**What you have to do**
Your copy of the data should match it exactly, except that the pictures are gone.

**Records to use**
◆ ◆ ◆ ◆ ◆
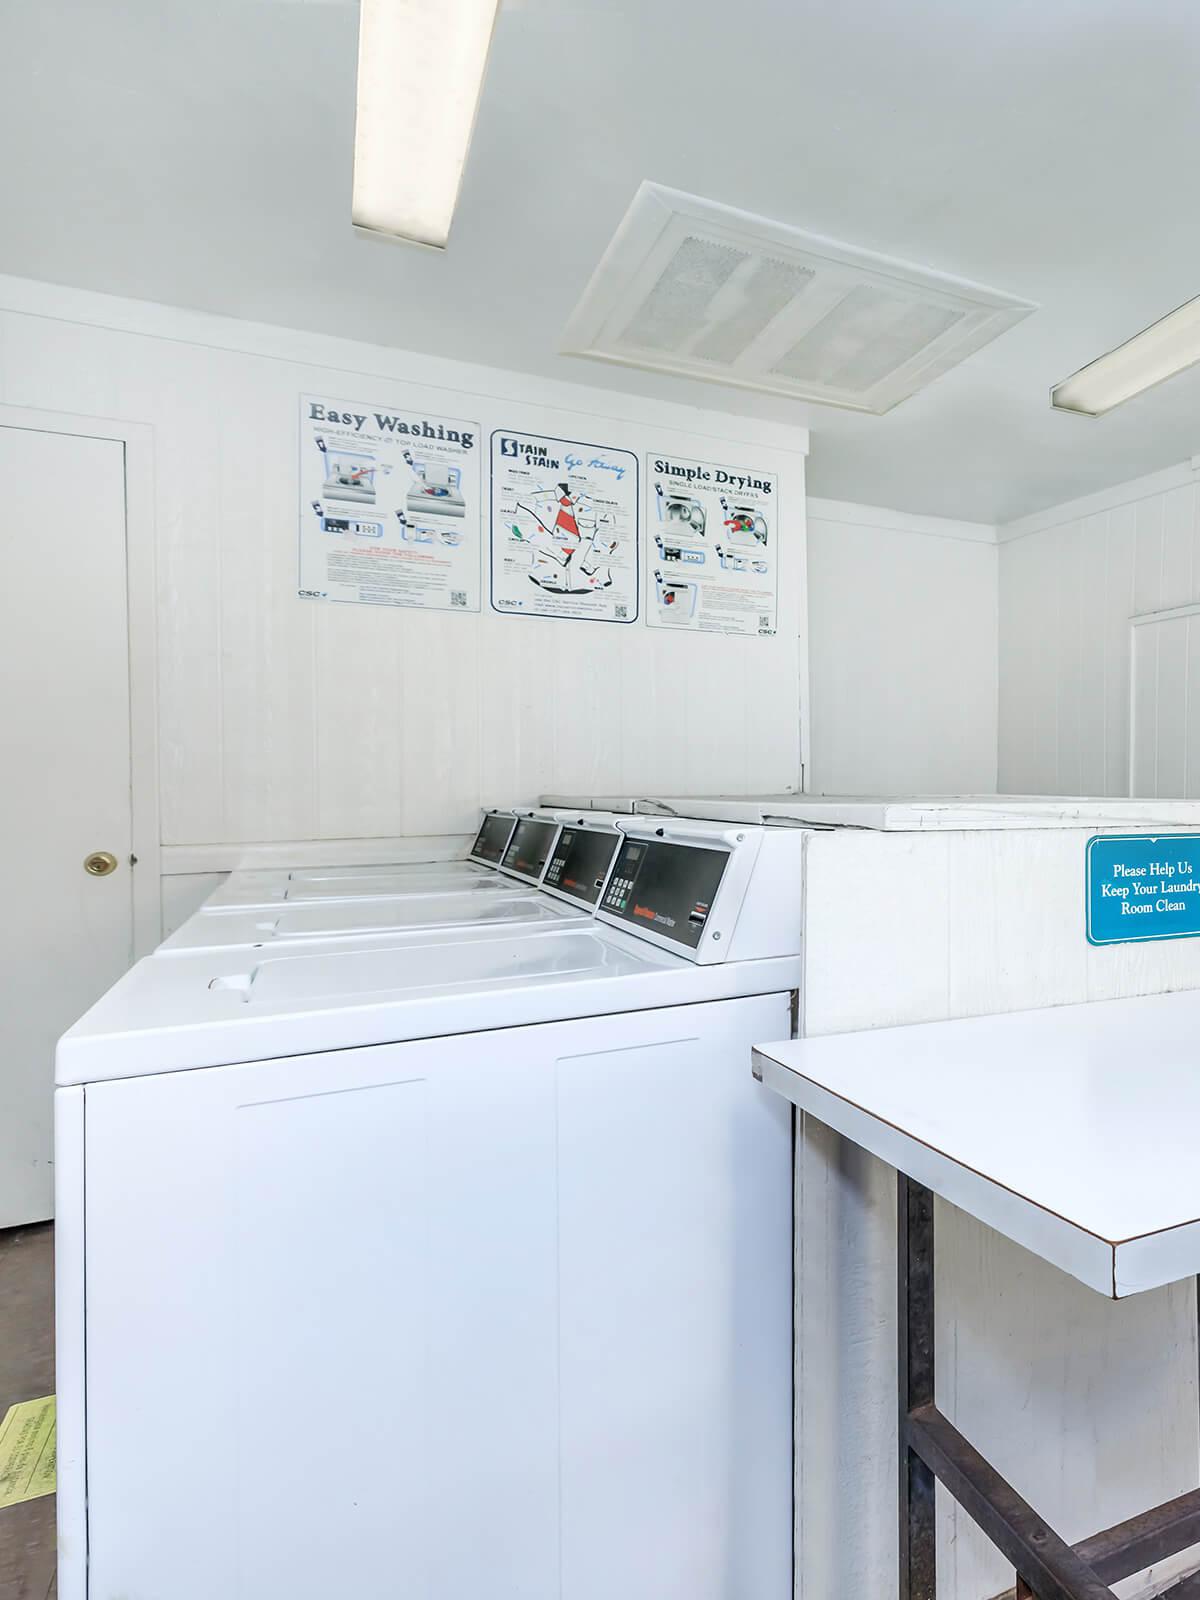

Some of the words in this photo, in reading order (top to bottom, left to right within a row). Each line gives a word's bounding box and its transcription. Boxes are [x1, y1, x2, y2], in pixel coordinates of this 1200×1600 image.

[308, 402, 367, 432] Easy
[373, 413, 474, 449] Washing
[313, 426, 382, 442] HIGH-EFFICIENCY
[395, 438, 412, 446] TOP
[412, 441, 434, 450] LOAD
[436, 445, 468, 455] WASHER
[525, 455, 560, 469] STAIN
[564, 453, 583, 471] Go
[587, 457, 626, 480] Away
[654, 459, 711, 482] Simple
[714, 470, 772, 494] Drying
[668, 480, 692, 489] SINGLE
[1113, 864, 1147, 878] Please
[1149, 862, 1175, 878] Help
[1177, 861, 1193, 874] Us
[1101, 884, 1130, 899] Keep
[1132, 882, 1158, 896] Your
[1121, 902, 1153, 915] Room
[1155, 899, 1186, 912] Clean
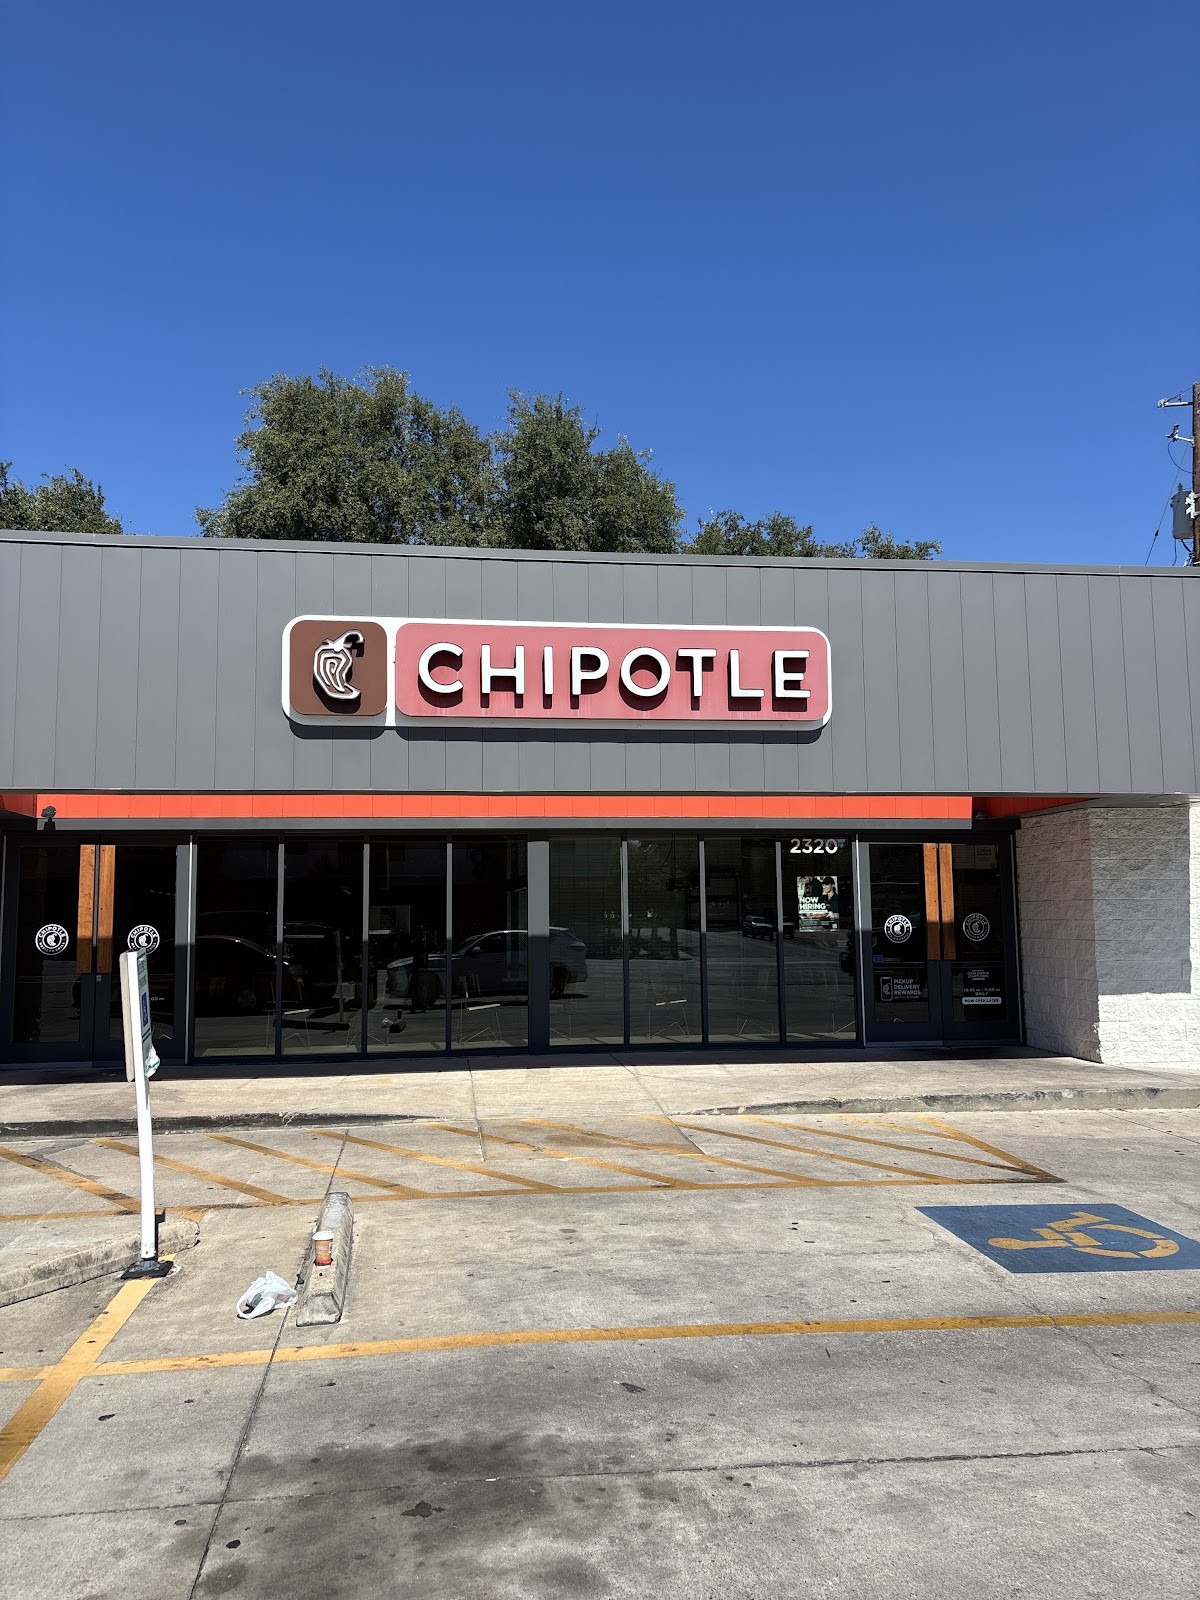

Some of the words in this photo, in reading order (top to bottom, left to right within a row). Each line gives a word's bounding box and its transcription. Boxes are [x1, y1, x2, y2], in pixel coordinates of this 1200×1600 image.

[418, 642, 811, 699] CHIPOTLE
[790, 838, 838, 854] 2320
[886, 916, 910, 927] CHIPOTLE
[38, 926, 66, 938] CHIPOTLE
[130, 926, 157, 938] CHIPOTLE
◆ ◆ ◆ ◆ ◆
**Result**
Some of the words in this photo, in reading order (top to bottom, left to right within a row). Each line gives a word's bounding box and its transcription. Boxes are [x1, y1, x2, y2], in pixel coordinates of this 1200×1600 image.

[308, 402, 367, 432] Easy
[373, 413, 474, 449] Washing
[313, 426, 382, 442] HIGH-EFFICIENCY
[395, 438, 412, 446] TOP
[412, 441, 434, 450] LOAD
[436, 445, 468, 455] WASHER
[525, 455, 560, 469] STAIN
[564, 453, 583, 471] Go
[587, 457, 626, 480] Away
[654, 459, 711, 482] Simple
[714, 470, 772, 494] Drying
[668, 480, 692, 489] SINGLE
[1113, 864, 1147, 878] Please
[1149, 862, 1175, 878] Help
[1177, 861, 1193, 874] Us
[1101, 884, 1130, 899] Keep
[1132, 882, 1158, 896] Your
[1121, 902, 1153, 915] Room
[1155, 899, 1186, 912] Clean

Some of the words in this photo, in reading order (top to bottom, left to right within a row). Each line gives a word's bounding box and its transcription. Boxes are [x1, y1, x2, y2], in pixel coordinates of this 1200×1600 image.

[418, 642, 811, 699] CHIPOTLE
[790, 838, 838, 854] 2320
[886, 916, 910, 927] CHIPOTLE
[38, 926, 66, 938] CHIPOTLE
[130, 926, 157, 938] CHIPOTLE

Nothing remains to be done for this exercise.